Here’s how it was meant to go: I, along with three other friends, were going to spend Tuesday and Thursday canoeing and camping along the Rappahannock River, my reward for all the long days of shutting myself inside in front of an index last week. At 9:00 Tuesday morning, with the canoes on top of the car and all of our food and camping gear packed, the FDA showed up for a surprise inspection of the community’s tofu hut. One of my friends, in fact who had been organizing the trip, is an essential part of our tofu business, and wouldn’t be able to leave until the guv’mint was satisfied. So I found myself with six hours to kill, waiting around for the feds to do their thing.

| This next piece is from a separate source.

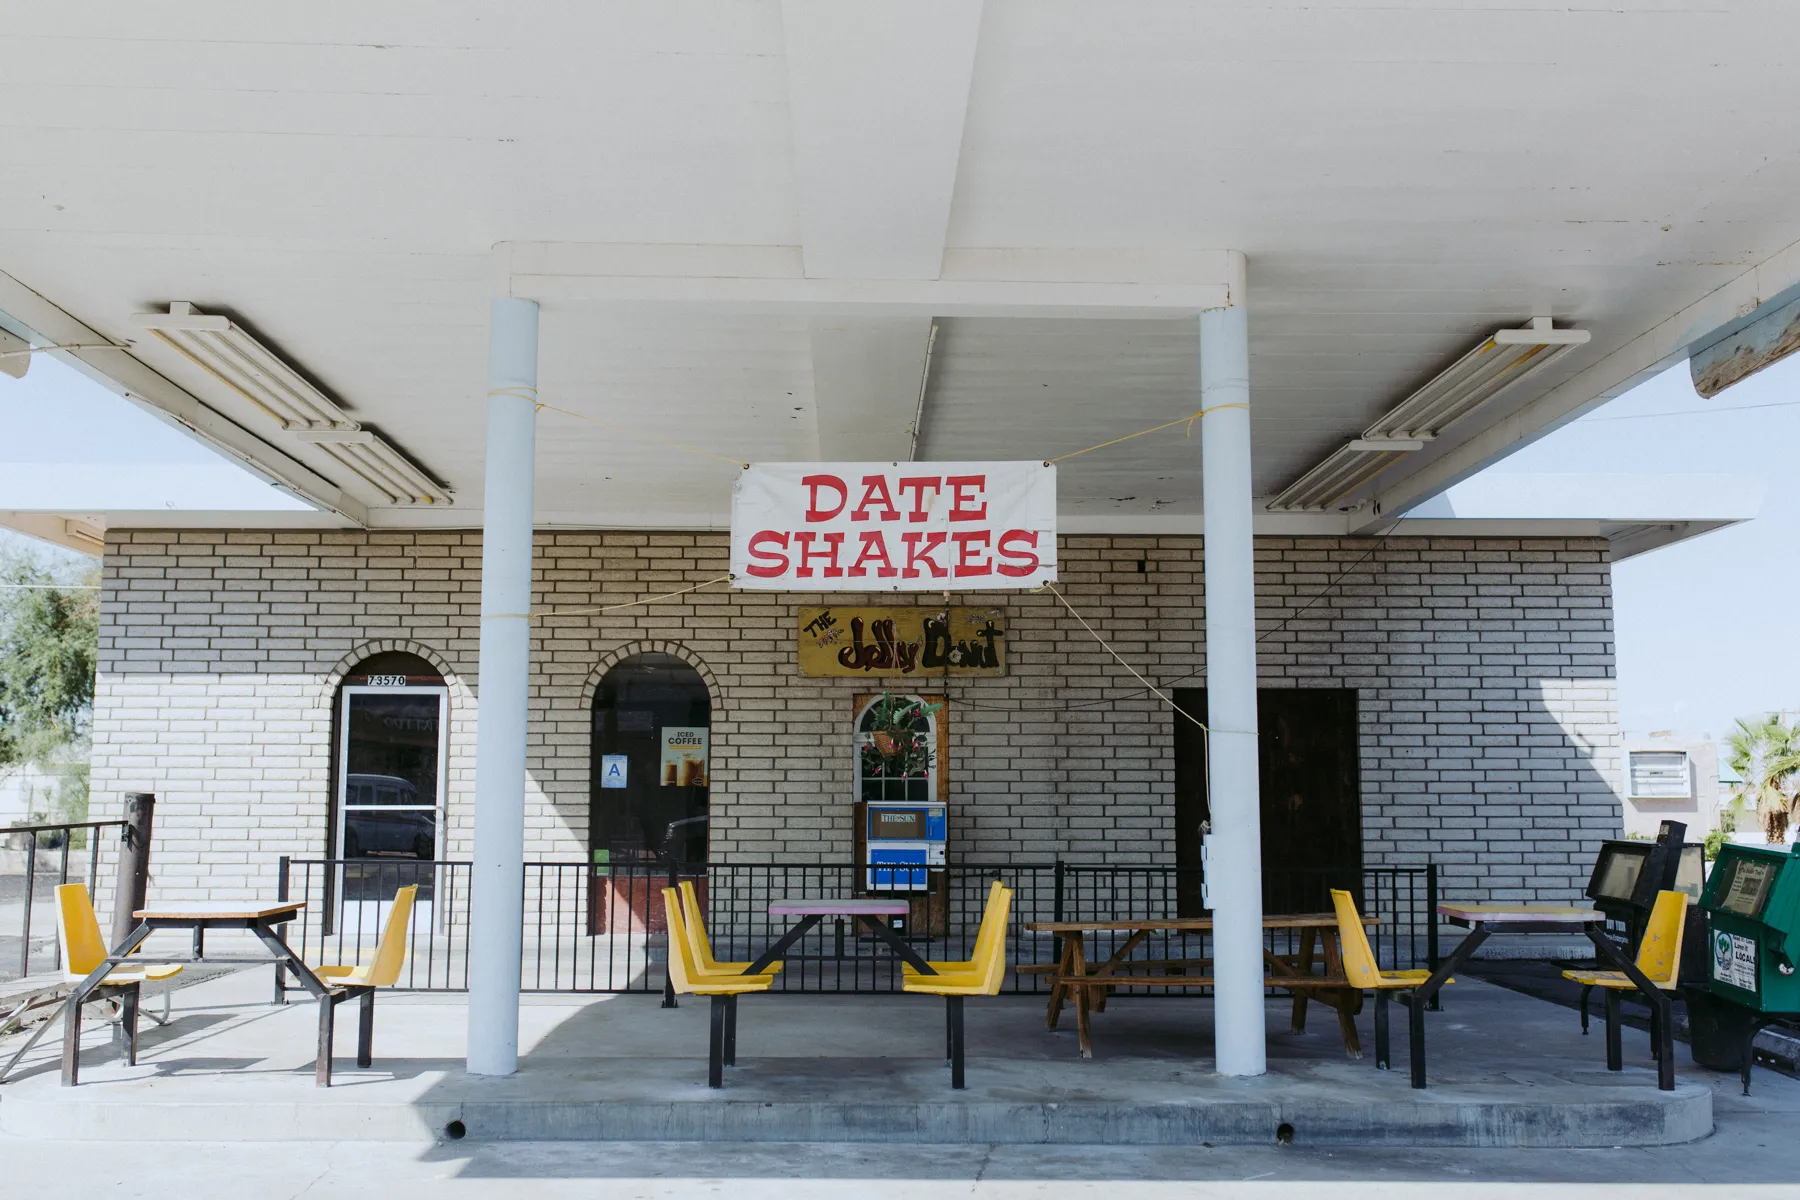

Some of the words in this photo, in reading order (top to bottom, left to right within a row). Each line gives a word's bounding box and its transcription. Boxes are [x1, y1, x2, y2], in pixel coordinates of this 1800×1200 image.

There were a couple of jobs at the pond which I had been neglecting, since I had been so busy with indexing. A previous pond manager once mentioned that the hardest and most frustrating part of the job involved staying on top of the waves of unwanted vegetation that spilled forth every summer, and she’s right. The plants grow and spread, fighting any attempt to create any semblance of order down there. Here’s the pond as I found it on Tuesday, pretty but over grown.
My tasks were twofold; first I had to cut back the brambles, ivy, and trees from where they were growing up, around, and over the solar hot water tank that needed to be exposed to the sun so that people could take hot showers when they stepped out of the pond. This was accomplished with a lot of cursing, sweating, and getting scratched up by brambles. The second task, which was a bit more well-documented, had to to with our flow forms.
In order to provide flow and aeration to the pond water, the folks who originally built the pond installed a system which pumps water out of the pond, into a ‘bio pool’ above, where it flows through a gravel field, then down a series of ‘flow forms,’ where the water gets sloshed back and forth as through it were flowing through a cascading mountain stream. It is quite a pretty sight, although if no one is on top of the forms, they can get so overgrown that there is no back and forth sloshing action, just straight down through a tunnel of algae, ferns, slime, and ivy. Here’s what it looked like when I started working on it:
And here’s the whole cascading lot of them, all clean and pretty, with the water sloshing back and forth as it was meant to.
At about 2:00, my friend came to tell me that the FDA’s departure was imminent, so I went back to the house to change and get a couple of things for the trip. On the ancient beech tree just outside of my door, I noticed these crazy orange mushrooms growing in a mass. Like the other ones I saw earlier, I think they are poisonous jack-o-lantern mushrooms, beautiful to look at, but terribly poisonous.
Half an hour later, we were all back at the car, with the canoes up top and the camping gear packed, ready to head out, six hours later than we had initially planned, but still in high spirits. Just before we started out, I noticed this bright yellow goldfinch among the mature sunflowers, chomping away at their seeds. Quite a lovely sight.